03. Single query deep-dive
Detailed analysis of a specific query identified by its queryid.

Purpose​
When you've identified a problematic query in 02. Query analysis, use this dashboard to:
- Track query performance over time
- Identify regression patterns
- Analyze execution characteristics
- Compare before/after optimization
When to use​
- After identifying a slow query in Dashboard 02
- Monitoring a specific query after adding an index
- Investigating intermittent query slowness
- Validating query optimization results
Key panels​
Query text​
A table at the top of the dashboard displays the full, non-truncated query text for the selected query_id.
The query shown uses parameter placeholders ($1, $2).

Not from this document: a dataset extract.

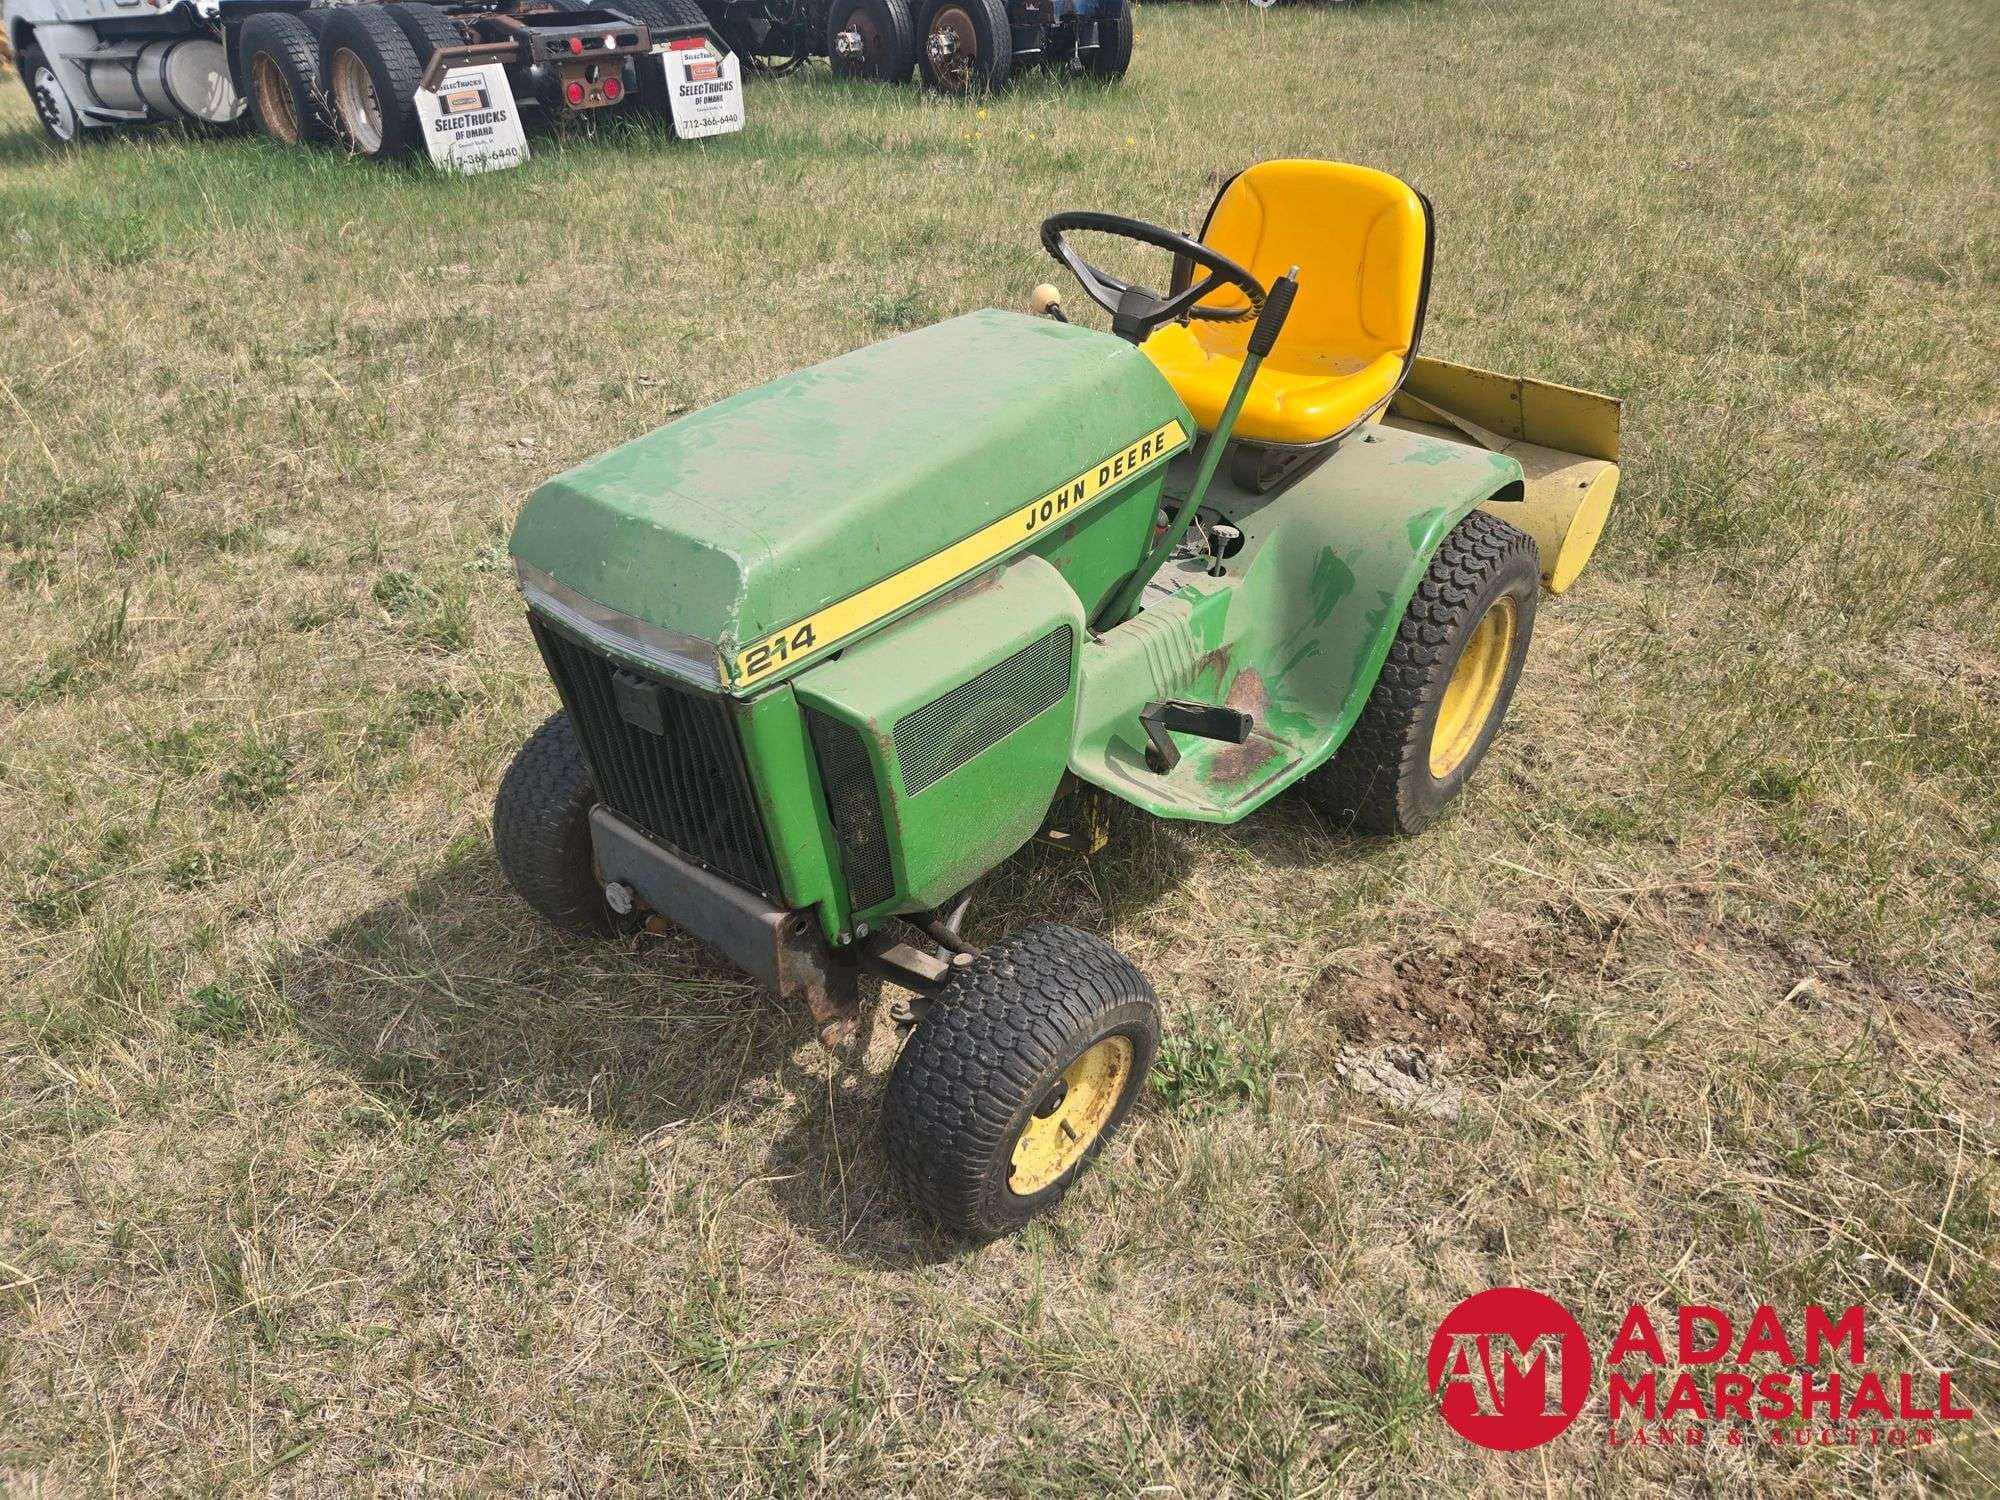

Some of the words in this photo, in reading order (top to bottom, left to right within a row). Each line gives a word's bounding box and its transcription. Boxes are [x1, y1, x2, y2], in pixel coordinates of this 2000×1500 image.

For actual parameter values, check application logs.
Active session history​
What it shows:
- ASH-style breakdown of the wait events sampled for this
query_idover time
Use for:
- Seeing what this specific query spends its time waiting on (CPU, IO, locks, LWLocks)
Calls per second​
What it shows:
- Execution frequency over time
- Trend and variability
Interpretation:
- Stable line = consistent application behavior
- Spikes = batch jobs or traffic bursts
- Drops = potential application issues
Execution time per call​
What it shows:
- Average latency per execution
- Trend over selected time range
Healthy pattern:
- Consistent, low variance
- No upward trend
Warning signs:
- Upward trend = query regression (data growth, plan changes)

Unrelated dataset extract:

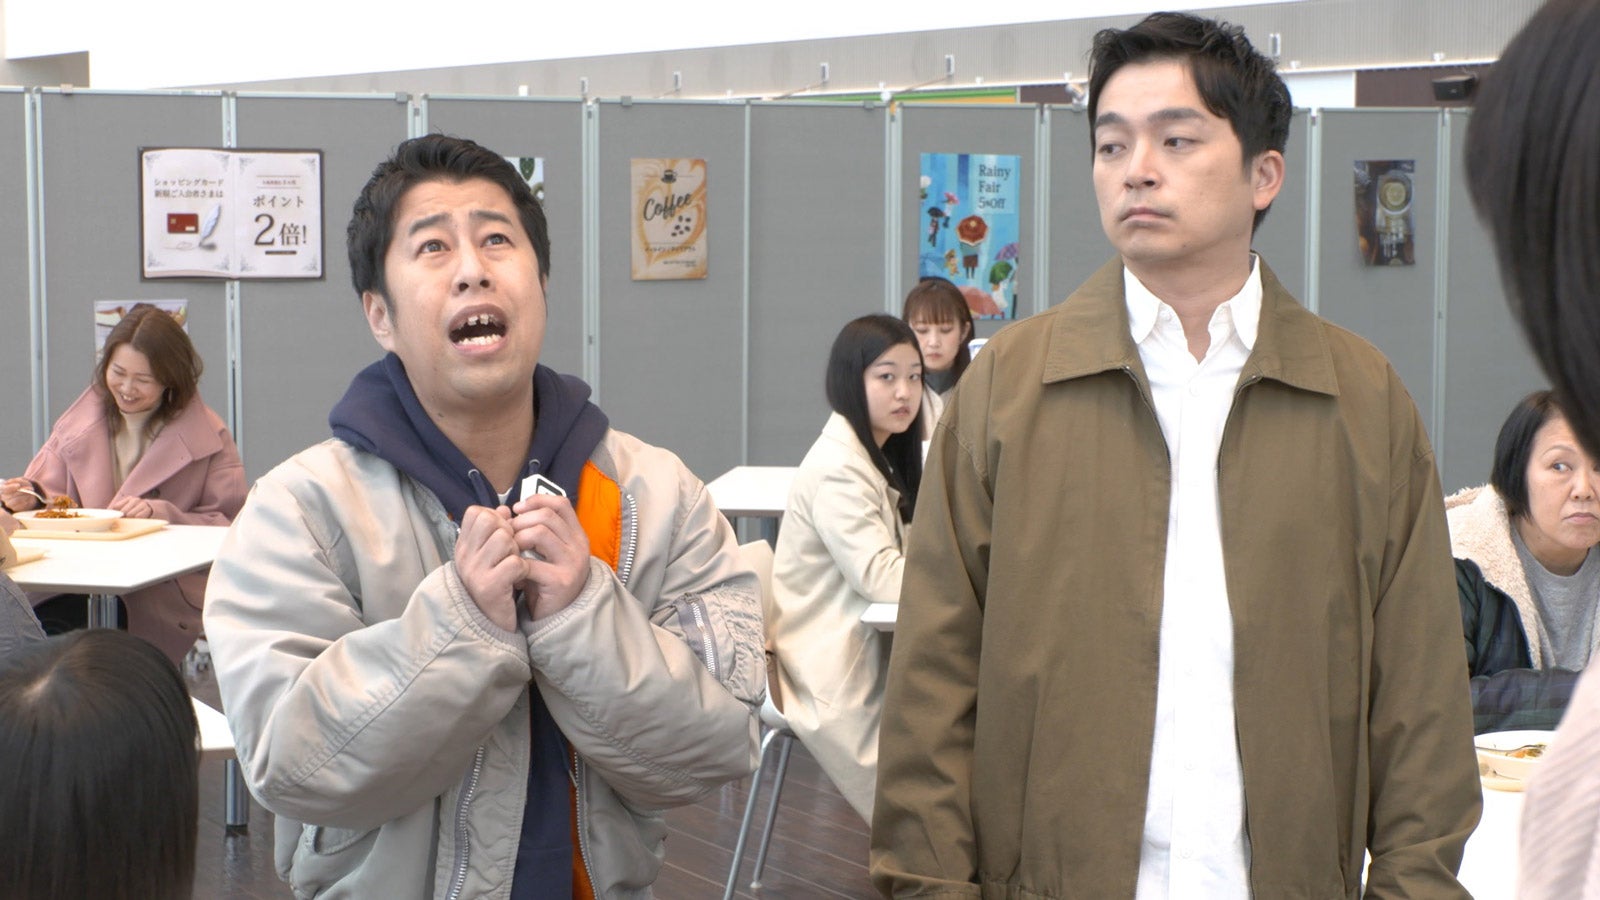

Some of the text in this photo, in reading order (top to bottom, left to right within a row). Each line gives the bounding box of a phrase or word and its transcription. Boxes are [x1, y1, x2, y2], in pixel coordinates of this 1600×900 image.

- High variance = parameter-dependent performance
- Step change = potential index drop or plan flip
Total execution time per second​
What it shows:
- Combined load impact: calls × latency
- "Cost" to the database
Use for:
- Prioritizing optimization efforts
- Measuring optimization impact
Rows per call​
What it shows:
- Average rows processed per execution
- Rows returned vs rows fetched
Interpretation:
- High rows fetched, low rows returned = inefficient filtering
- Growing over time = data growth impact
shared_blks_hit (in bytes)​
What it shows:
- Shared buffer hits for this query (total and per call), expressed in bytes
- Cache efficiency for this query
Healthy state:
- High hit volume relative to physical reads for frequently accessed data
WAL and temp file usage​
What it shows:
- WAL bytes and WAL fpi (full page images) generated by this query, total and per call
- Temp bytes read and written, total and per call
Use for:
- Spotting queries that generate excessive WAL (write amplification)
- Catching queries that spill to temp files (raise
work_mem)
Variables​
| Variable | Purpose | How to Get |
|---|---|---|
query_id | Query identifier (textbox) | From Dashboard 02 or pg_stat_statements |
cluster_name | Cluster filter | Your cluster |
node_name | Node filter | Primary or replica |
db_name | Database filter | Database names or All |
Finding the query_id​
From 02. Query analysis:
- Hover over a query in any chart
- Note the queryid from the legend (it populates the
query_idtextbox here)
From PostgreSQL directly:
select queryid, query, calls, mean_exec_time
from pg_stat_statements
where query like '%your_table%'
order by total_exec_time desc;
Example workflow​
Investigating a slow query​
- Identify: In Dashboard 02, find a query with high execution time per call
- Navigate: Copy the queryid, go to Dashboard 03
- Analyze timeline: Check if slowness is recent (regression) or historical
- Check rows: Compare rows fetched vs returned for indexing opportunities
- Monitor: After changes, verify improvement in this dashboard
Before/after optimization​
- Note current metrics (mean time, rows)
- Add index or rewrite query
- Use time range selector to compare periods
- Verify improvement sustained over time
Related dashboards​
- Find the query first — 02. Query analysis
- Check table statistics — 08. Table stats
- Verify index usage — 10. Index health
Troubleshooting​
queryid not found​
Possible causes:
- Query hasn't been executed recently
pg_stat_statementswas reset- Query text changed (different queryid)
Check if queryid exists:
select * from pg_stat_statements where queryid = YOUR_QUERYID;
Metrics show zero after index change​
Adding an index may generate a new query plan with different characteristics. The queryid remains the same, but metrics reset if pg_stat_statements was cleared.
Inconsistent data​
Some metrics are cumulative counters. Rate calculations depend on regular scraping. Gaps may occur if:
- Monitoring was temporarily stopped
- Network issues during scrape
- PostgreSQL was restarted
Use longer time ranges to smooth out anomalies.